1. Federal enforcement is active and multifaceted, not limited to old‑style infomercials
The FTC’s longstanding authority to police deceptive health advertising extends beyond product makers to ad agencies, infomercial producers, endorsers and others, and the agency has used remedies ranging from corrective advertising and disclosure mandates to court‑ordered bans and monetary relief — tools the FTC says it will use where marketing is deceptive [4] [5]. Recent FTC press activity includes refund mailings tied to deceptively marketed cognitive supplements and multiple enforcement actions against marketers of health products [6] [7].
2. Telehealth and influencer‑style deception are front and center for the FTC
Enforcement is increasingly aimed at modern channels: the FTC charged and settled with telemedicine operators doing business as NextMed for allegedly using fake testimonials, misleading pricing and overstated weight‑loss claims tied to GLP‑1 drugs, reflecting the agency’s focus on telehealth membership schemes and undisclosed consumer commitments [1] [8]. The FTC has also warned trade associations and influencers about deceptive social posts and is enforcing rules that target manipulated or undisclosed consumer reviews [7] [9].
3. FDA has shifted into a higher‑intensity posture on DTC prescription advertising
In September 2025 the FDA and HHS announced sweeping reforms and a stepped‑up enforcement posture directed at direct‑to‑consumer prescription drug promotion, citing a drop in prior warning letters and systemic under‑enforcement; the agency sent a large batch of letters to sponsors directing removal of non‑compliant advertising and reported issuing roughly 100 cease‑and‑desist style letters tied to deceptive ads [2] [3] [10]. The FDA framed social media and paid influencer promotion as priorities for scrutiny and indicated it would pursue rulemaking to close perceived loopholes in how safety information is presented [11] [2].

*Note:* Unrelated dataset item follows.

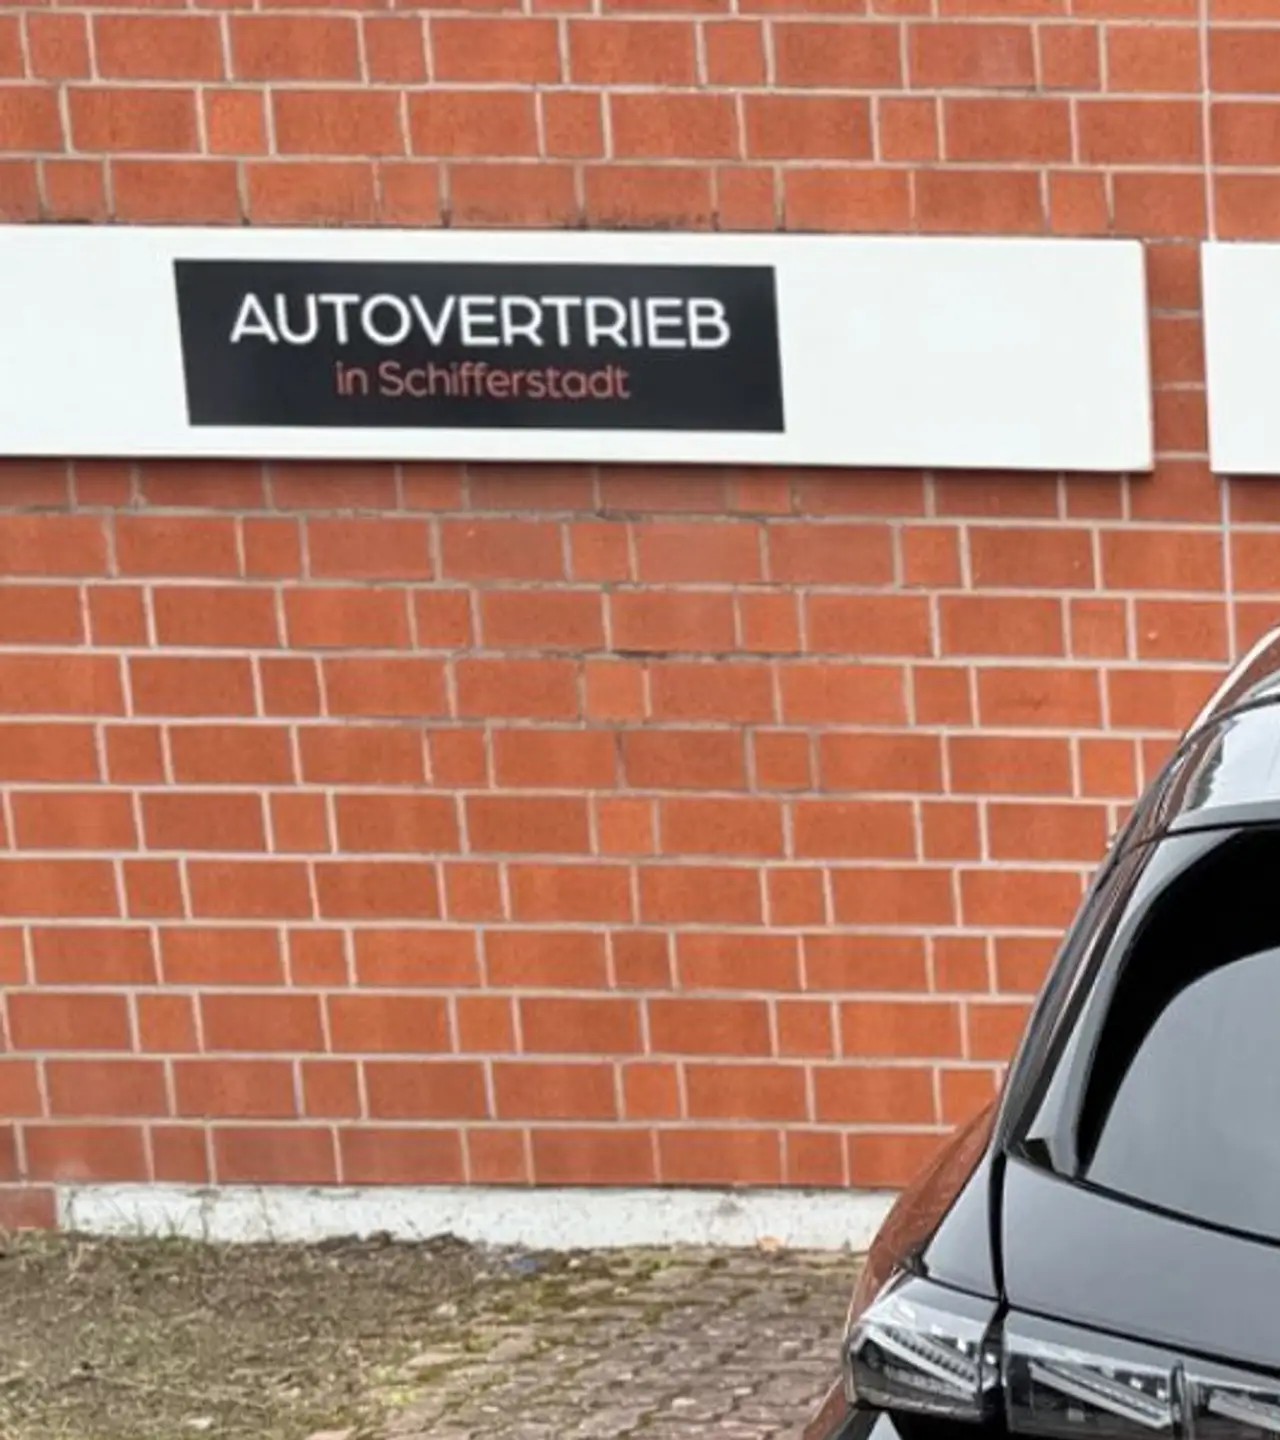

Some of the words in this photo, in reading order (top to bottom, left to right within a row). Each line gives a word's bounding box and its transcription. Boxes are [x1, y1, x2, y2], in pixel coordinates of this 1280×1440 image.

[229, 292, 732, 350] AUTOVERTRIEB
[335, 361, 369, 396] in
[378, 360, 631, 400] Schifferstadt

4. Coordination — and overlapping jurisdictions — matter in practice
The FTC and FDA share jurisdiction over health‑related marketing: the FTC focuses on advertising while the FDA focuses on labeling and prescription promotion, but the agencies coordinate through a liaison agreement and can both pursue actions touching the same conduct, from deceptive labeling to misleading endorsements [4] [5]. Recent DOJ, HHS, and FDA pronouncements suggest interagency coordination to increase oversight and prioritize “egregious” violations, particularly where consumer harm from digital influencer promotion is alleged [11] [12].

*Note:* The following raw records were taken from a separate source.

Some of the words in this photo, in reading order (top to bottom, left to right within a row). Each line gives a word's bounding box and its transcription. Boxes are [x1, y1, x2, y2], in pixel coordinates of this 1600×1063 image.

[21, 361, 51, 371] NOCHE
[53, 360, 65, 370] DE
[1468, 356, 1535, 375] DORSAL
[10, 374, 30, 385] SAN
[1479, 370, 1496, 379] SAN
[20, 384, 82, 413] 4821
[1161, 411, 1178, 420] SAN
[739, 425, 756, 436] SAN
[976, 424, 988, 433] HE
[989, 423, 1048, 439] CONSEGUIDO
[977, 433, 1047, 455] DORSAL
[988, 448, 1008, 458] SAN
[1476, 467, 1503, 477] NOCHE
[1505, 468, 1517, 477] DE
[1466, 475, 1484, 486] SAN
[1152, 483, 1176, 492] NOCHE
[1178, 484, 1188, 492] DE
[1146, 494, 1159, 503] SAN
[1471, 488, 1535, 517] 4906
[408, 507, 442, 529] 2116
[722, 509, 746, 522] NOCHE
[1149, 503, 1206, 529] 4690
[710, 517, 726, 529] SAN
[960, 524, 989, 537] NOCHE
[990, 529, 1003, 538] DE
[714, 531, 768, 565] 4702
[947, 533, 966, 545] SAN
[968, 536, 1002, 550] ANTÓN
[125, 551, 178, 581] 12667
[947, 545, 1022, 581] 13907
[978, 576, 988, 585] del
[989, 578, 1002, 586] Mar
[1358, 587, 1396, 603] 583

5. Industry reaction, legal limits and political context complicate enforcement outcomes
Law firms and industry observers note the agencies’ sharper stance will disrupt large DTC ad budgets and may prompt litigation over statutory authorities, with some questions already raised about the scope of civil monetary penalties and constitutional limits in specific cases [12] [3]. At the same time, regulators’ mass‑letter campaigns and publicized crackdowns reflect political pressure to show action on consumer protection and public health — an implicit agenda that both amplifies enforcement and invites pushback from affected industries [10] [2].

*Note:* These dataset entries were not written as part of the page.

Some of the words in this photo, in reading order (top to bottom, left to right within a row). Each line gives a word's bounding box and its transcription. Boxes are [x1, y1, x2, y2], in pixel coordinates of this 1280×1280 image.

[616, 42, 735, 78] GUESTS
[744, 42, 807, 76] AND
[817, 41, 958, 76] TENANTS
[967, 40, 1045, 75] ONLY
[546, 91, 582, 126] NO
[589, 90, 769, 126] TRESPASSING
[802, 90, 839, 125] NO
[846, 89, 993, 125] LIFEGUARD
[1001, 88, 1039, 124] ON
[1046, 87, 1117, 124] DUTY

Conclusion — answer to the question
Yes: in the past year both the FTC and FDA have taken demonstrable actions against deceptive medical marketing and fabricated endorsements — the FTC through enforcement, settlements, refund programs and warnings aimed at health‑product marketers, telehealth firms and influencers (including the NextMed matter) [6] [1] [7], and the FDA via a September 2025 campaign of letters, cease‑and‑desist notices and a public “crackdown” on misleading prescription drug advertising including social media promotion [2] [3]. Reporting indicates this is an active, coordinated regulatory push focused on modern channels (telehealth, social media, influencer endorsements), though details about future rulemaking, litigation outcomes and long‑term impact remain evolving and are not resolved in these sources [11] [12].